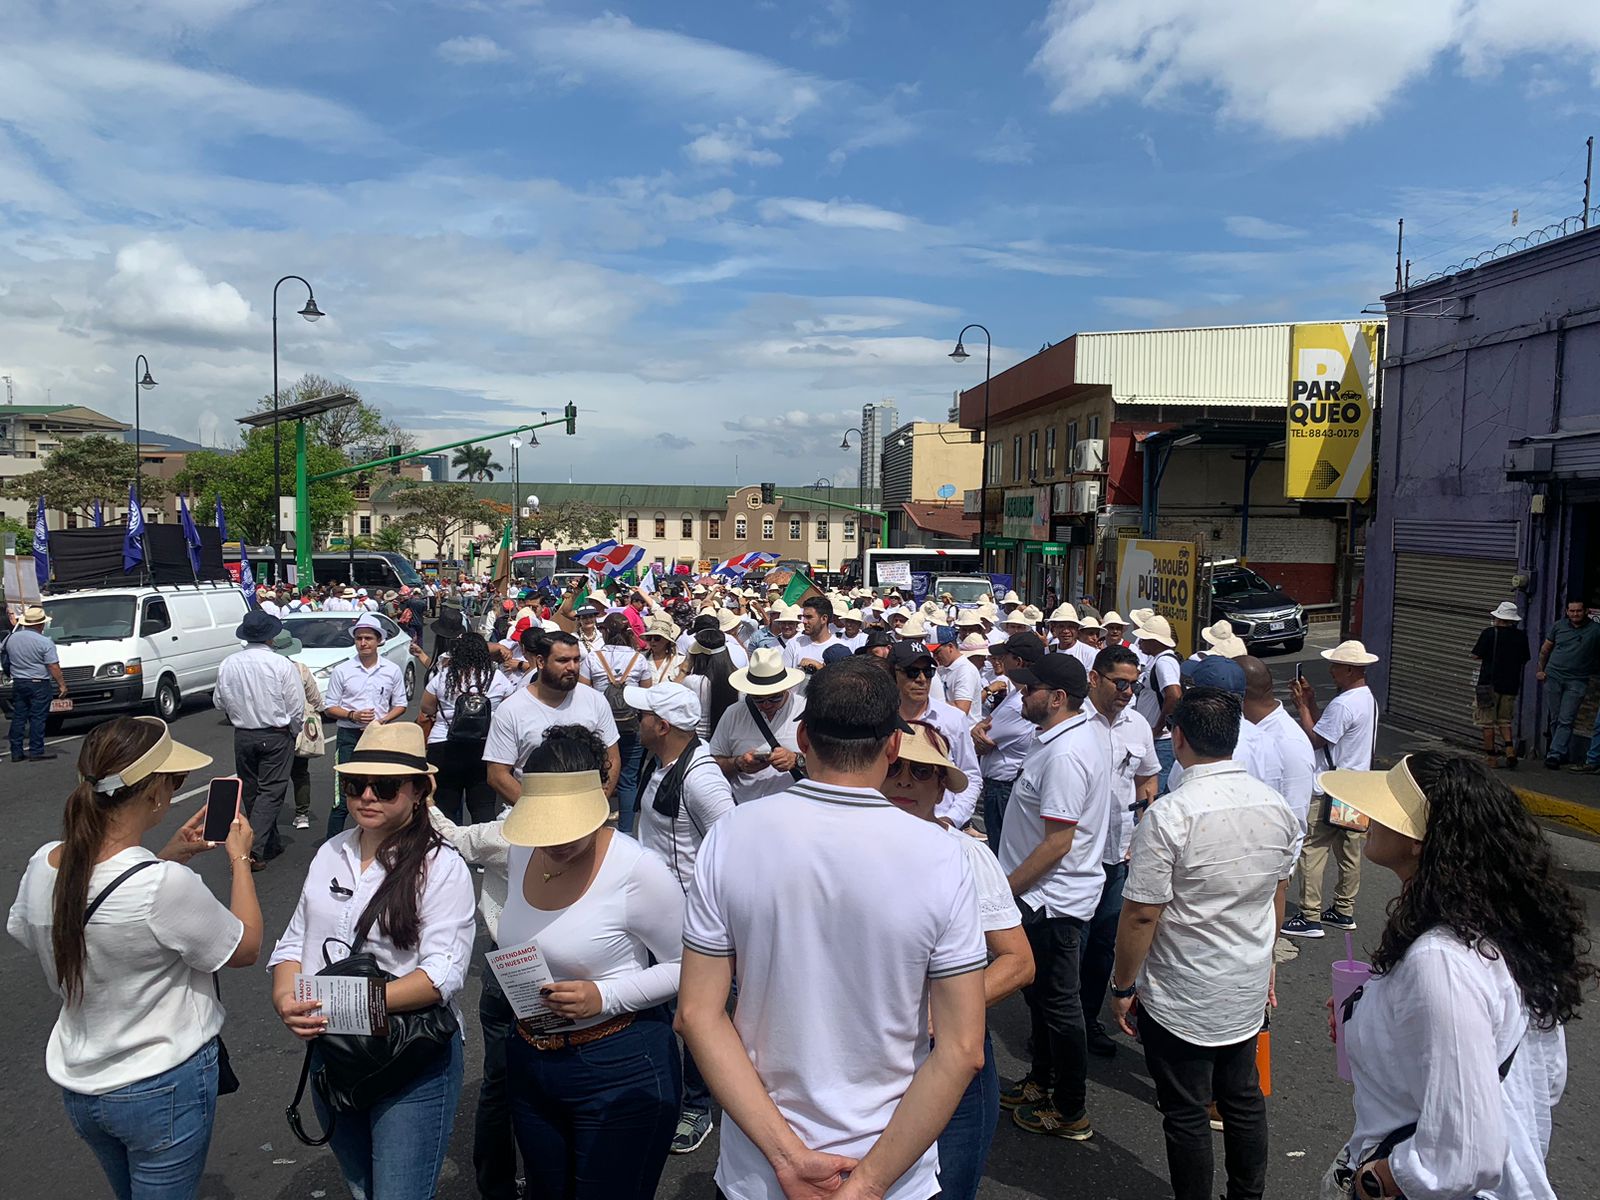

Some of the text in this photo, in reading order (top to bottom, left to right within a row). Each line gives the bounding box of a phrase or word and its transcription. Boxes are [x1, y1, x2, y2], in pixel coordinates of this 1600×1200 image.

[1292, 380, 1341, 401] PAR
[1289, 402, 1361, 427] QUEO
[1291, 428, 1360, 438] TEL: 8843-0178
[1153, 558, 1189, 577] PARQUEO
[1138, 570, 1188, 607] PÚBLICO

§ **To do**
If a record holds a picture, leave that picture out; retype everything else exactly.

§ **Problem solution**
Some of the text in this photo, in reading order (top to bottom, left to right within a row). Each line gives the bounding box of a phrase or word and its transcription. Boxes are [x1, y1, x2, y2], in pixel coordinates of this 1600×1200 image.

[1292, 380, 1341, 401] PAR
[1289, 402, 1361, 427] QUEO
[1291, 428, 1360, 438] TEL: 8843-0178
[1153, 558, 1189, 577] PARQUEO
[1138, 570, 1188, 607] PÚBLICO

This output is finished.